== Exercise requirements ==
Down to the last line below, repeat the entries word for word and drop the pictures.

★ ★ ★

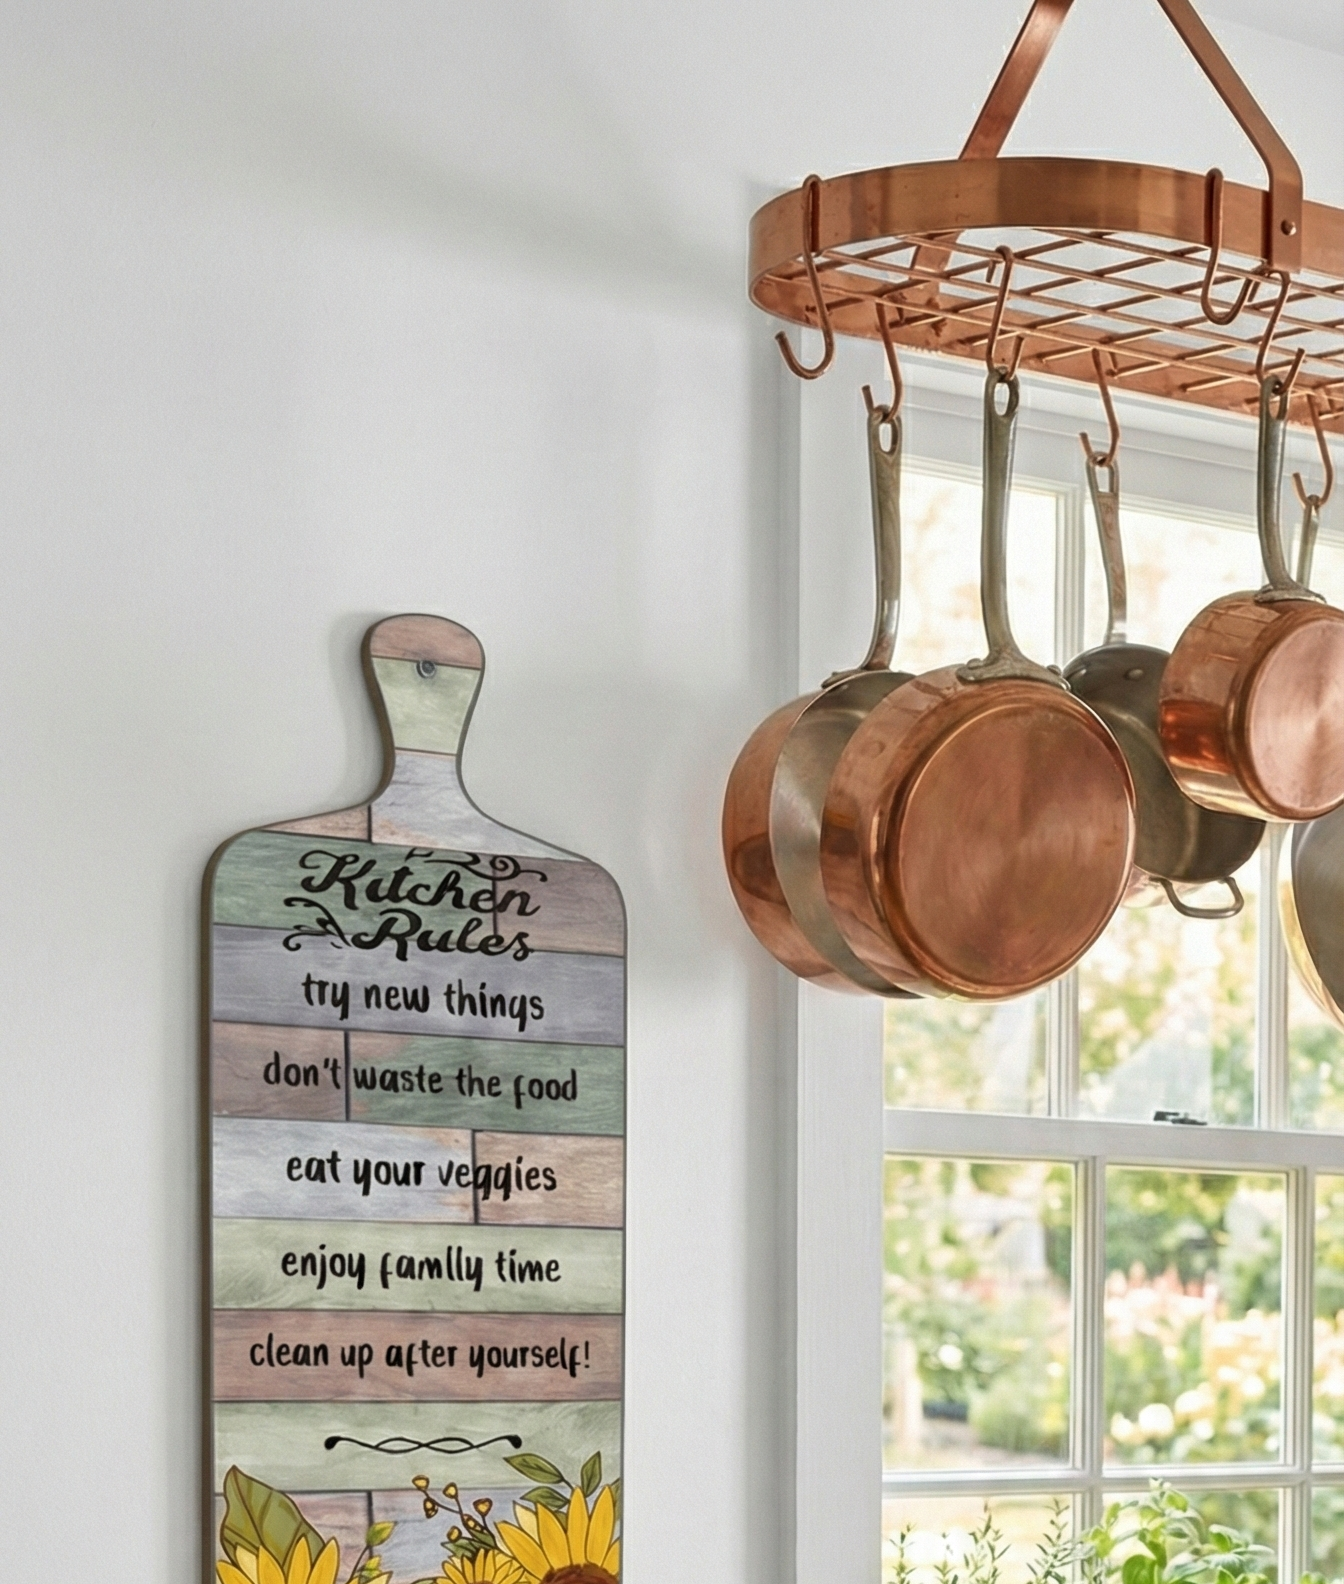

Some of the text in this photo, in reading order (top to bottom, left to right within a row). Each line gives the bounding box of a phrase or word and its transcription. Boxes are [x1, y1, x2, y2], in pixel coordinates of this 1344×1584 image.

[299, 849, 541, 917] Kitchen
[351, 907, 535, 961] Rules
[302, 973, 545, 1032] try new things
[263, 1051, 578, 1109] don't waste the food
[286, 1151, 558, 1202] eat your veggies
[281, 1244, 366, 1290] enjoy
[496, 1249, 562, 1283] time
[249, 1333, 591, 1378] clean up after yourself!
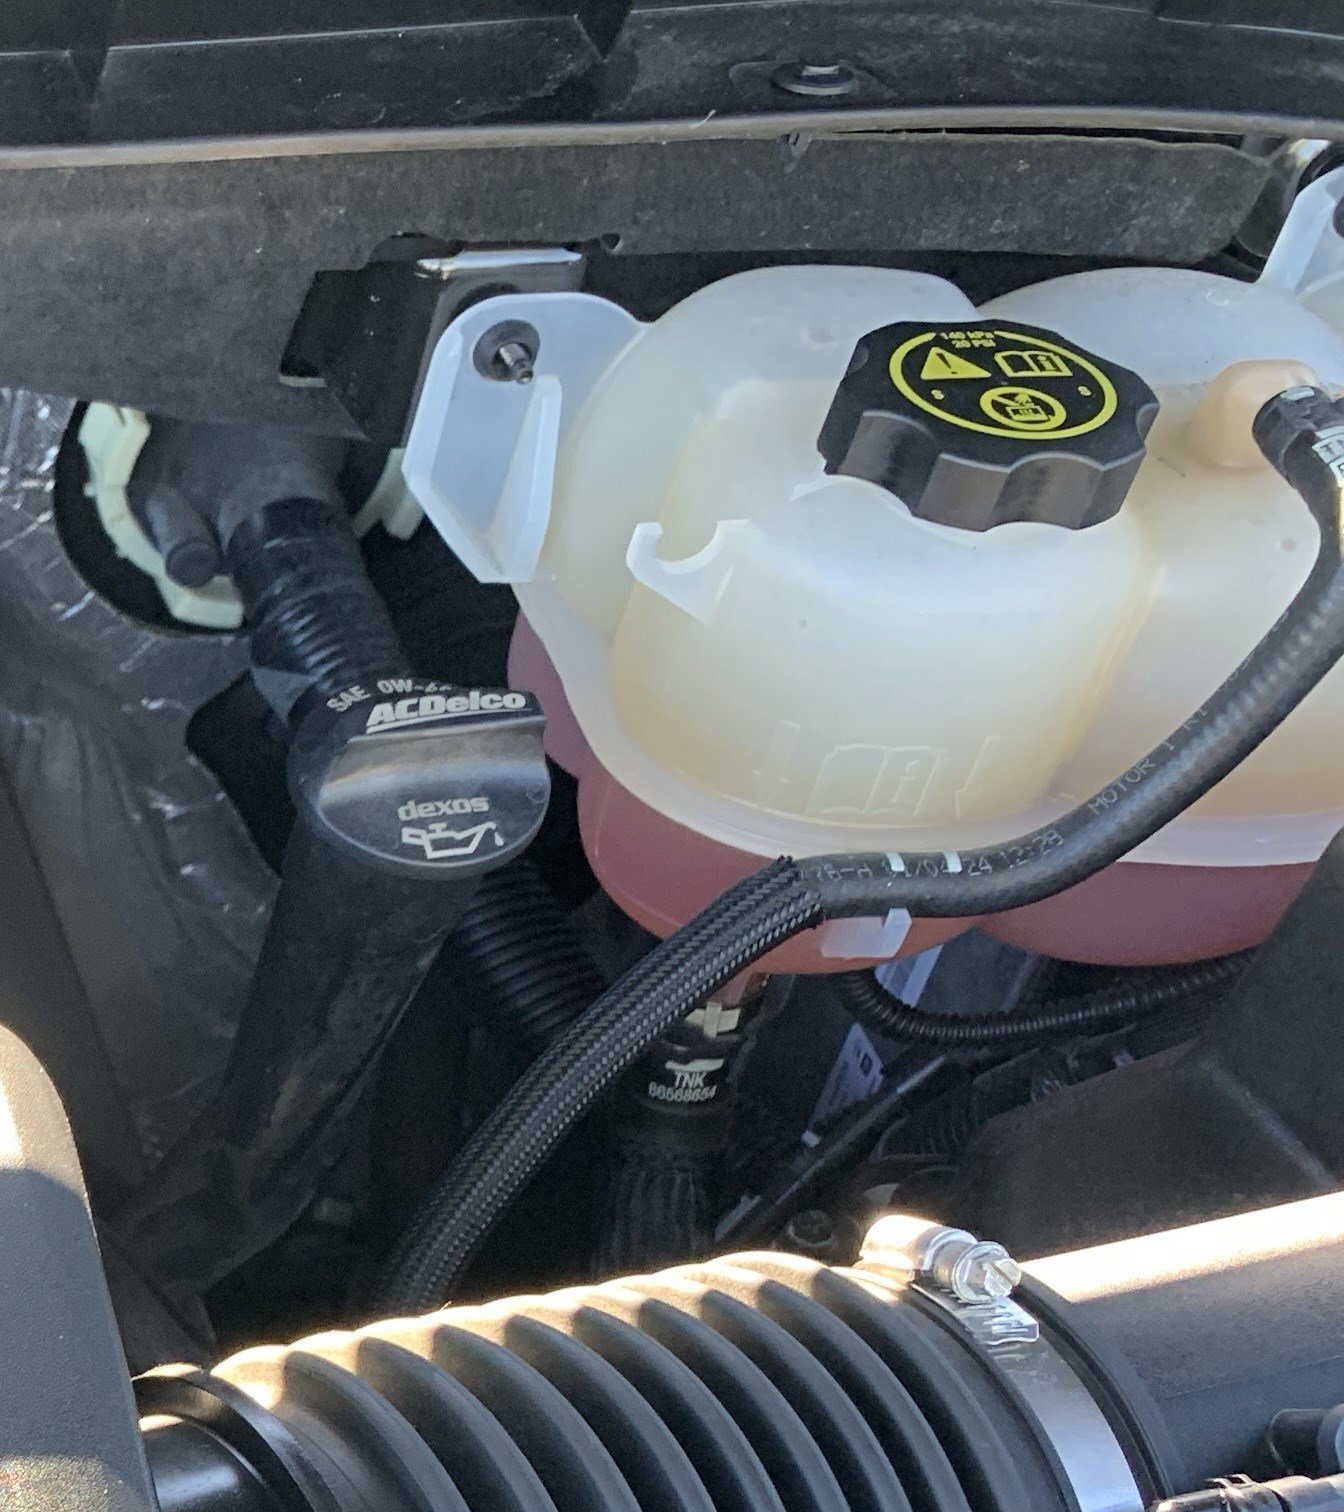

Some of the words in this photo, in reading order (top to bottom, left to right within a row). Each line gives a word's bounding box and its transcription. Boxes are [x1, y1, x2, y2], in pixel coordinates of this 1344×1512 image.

[326, 685, 371, 713] SAE
[365, 690, 527, 728] ACDelco
[1087, 758, 1156, 816] MOTOR
[397, 797, 490, 821] dexos

★ ★ ★

== Answer to this exercise ==
Some of the text in this photo, in reading order (top to bottom, left to right within a row). Each line gives the bounding box of a phrase or word and its transcription. Boxes are [x1, y1, x2, y2], in pixel coordinates of this 1344×1584 image.

[299, 849, 541, 917] Kitchen
[351, 907, 535, 961] Rules
[302, 973, 545, 1032] try new things
[263, 1051, 578, 1109] don't waste the food
[286, 1151, 558, 1202] eat your veggies
[281, 1244, 366, 1290] enjoy
[496, 1249, 562, 1283] time
[249, 1333, 591, 1378] clean up after yourself!

Some of the words in this photo, in reading order (top to bottom, left to right within a row). Each line gives a word's bounding box and its transcription. Boxes are [x1, y1, x2, y2], in pixel coordinates of this 1344×1512 image.

[326, 685, 371, 713] SAE
[365, 690, 527, 728] ACDelco
[1087, 758, 1156, 816] MOTOR
[397, 797, 490, 821] dexos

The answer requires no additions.